Information shown:
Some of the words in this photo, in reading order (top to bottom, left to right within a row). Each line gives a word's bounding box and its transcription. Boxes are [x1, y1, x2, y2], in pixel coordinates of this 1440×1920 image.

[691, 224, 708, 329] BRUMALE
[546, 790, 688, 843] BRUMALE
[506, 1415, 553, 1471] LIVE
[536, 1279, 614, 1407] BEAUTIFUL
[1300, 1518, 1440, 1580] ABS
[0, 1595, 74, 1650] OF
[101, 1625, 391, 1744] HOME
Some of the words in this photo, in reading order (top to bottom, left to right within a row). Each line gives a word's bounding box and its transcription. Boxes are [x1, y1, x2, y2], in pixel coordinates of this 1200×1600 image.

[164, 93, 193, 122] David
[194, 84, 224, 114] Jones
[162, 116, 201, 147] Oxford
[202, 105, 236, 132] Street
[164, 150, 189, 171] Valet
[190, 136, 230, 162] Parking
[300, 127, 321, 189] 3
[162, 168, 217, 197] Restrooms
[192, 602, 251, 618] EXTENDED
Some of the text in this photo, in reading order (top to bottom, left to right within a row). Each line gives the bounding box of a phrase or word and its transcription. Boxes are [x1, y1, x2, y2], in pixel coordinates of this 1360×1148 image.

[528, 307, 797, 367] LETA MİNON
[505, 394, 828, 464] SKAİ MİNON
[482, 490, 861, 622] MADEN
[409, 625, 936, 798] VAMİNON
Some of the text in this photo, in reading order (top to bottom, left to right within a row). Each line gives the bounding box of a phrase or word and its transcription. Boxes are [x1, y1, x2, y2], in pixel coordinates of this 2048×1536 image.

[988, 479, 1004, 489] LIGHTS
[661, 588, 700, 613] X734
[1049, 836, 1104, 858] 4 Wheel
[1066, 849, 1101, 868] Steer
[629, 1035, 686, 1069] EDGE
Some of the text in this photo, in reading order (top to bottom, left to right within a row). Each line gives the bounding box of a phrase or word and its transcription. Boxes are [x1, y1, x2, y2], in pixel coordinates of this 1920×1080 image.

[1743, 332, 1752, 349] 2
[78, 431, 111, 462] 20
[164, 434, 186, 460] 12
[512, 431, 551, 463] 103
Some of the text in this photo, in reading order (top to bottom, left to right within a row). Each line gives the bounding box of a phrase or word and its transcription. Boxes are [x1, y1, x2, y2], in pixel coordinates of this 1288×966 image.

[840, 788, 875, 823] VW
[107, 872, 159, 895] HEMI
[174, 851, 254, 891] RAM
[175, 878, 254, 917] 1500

About this exercise: Copy the material above exactly. Include every line.

Your response:
Some of the words in this photo, in reading order (top to bottom, left to right within a row). Each line gives a word's bounding box and its transcription. Boxes are [x1, y1, x2, y2], in pixel coordinates of this 1440×1920 image.

[691, 224, 708, 329] BRUMALE
[546, 790, 688, 843] BRUMALE
[506, 1415, 553, 1471] LIVE
[536, 1279, 614, 1407] BEAUTIFUL
[1300, 1518, 1440, 1580] ABS
[0, 1595, 74, 1650] OF
[101, 1625, 391, 1744] HOME
Some of the words in this photo, in reading order (top to bottom, left to right within a row). Each line gives a word's bounding box and its transcription. Boxes are [x1, y1, x2, y2], in pixel coordinates of this 1200×1600 image.

[164, 93, 193, 122] David
[194, 84, 224, 114] Jones
[162, 116, 201, 147] Oxford
[202, 105, 236, 132] Street
[164, 150, 189, 171] Valet
[190, 136, 230, 162] Parking
[300, 127, 321, 189] 3
[162, 168, 217, 197] Restrooms
[192, 602, 251, 618] EXTENDED
Some of the text in this photo, in reading order (top to bottom, left to right within a row). Each line gives the bounding box of a phrase or word and its transcription. Boxes are [x1, y1, x2, y2], in pixel coordinates of this 1360×1148 image.

[528, 307, 797, 367] LETA MİNON
[505, 394, 828, 464] SKAİ MİNON
[482, 490, 861, 622] MADEN
[409, 625, 936, 798] VAMİNON
Some of the text in this photo, in reading order (top to bottom, left to right within a row). Each line gives the bounding box of a phrase or word and its transcription. Boxes are [x1, y1, x2, y2], in pixel coordinates of this 2048×1536 image.

[988, 479, 1004, 489] LIGHTS
[661, 588, 700, 613] X734
[1049, 836, 1104, 858] 4 Wheel
[1066, 849, 1101, 868] Steer
[629, 1035, 686, 1069] EDGE
Some of the text in this photo, in reading order (top to bottom, left to right within a row). Each line gives the bounding box of a phrase or word and its transcription. Boxes are [x1, y1, x2, y2], in pixel coordinates of this 1920×1080 image.

[1743, 332, 1752, 349] 2
[78, 431, 111, 462] 20
[164, 434, 186, 460] 12
[512, 431, 551, 463] 103
Some of the text in this photo, in reading order (top to bottom, left to right within a row). Each line gives the bounding box of a phrase or word and its transcription. Boxes are [x1, y1, x2, y2], in pixel coordinates of this 1288×966 image.

[840, 788, 875, 823] VW
[107, 872, 159, 895] HEMI
[174, 851, 254, 891] RAM
[175, 878, 254, 917] 1500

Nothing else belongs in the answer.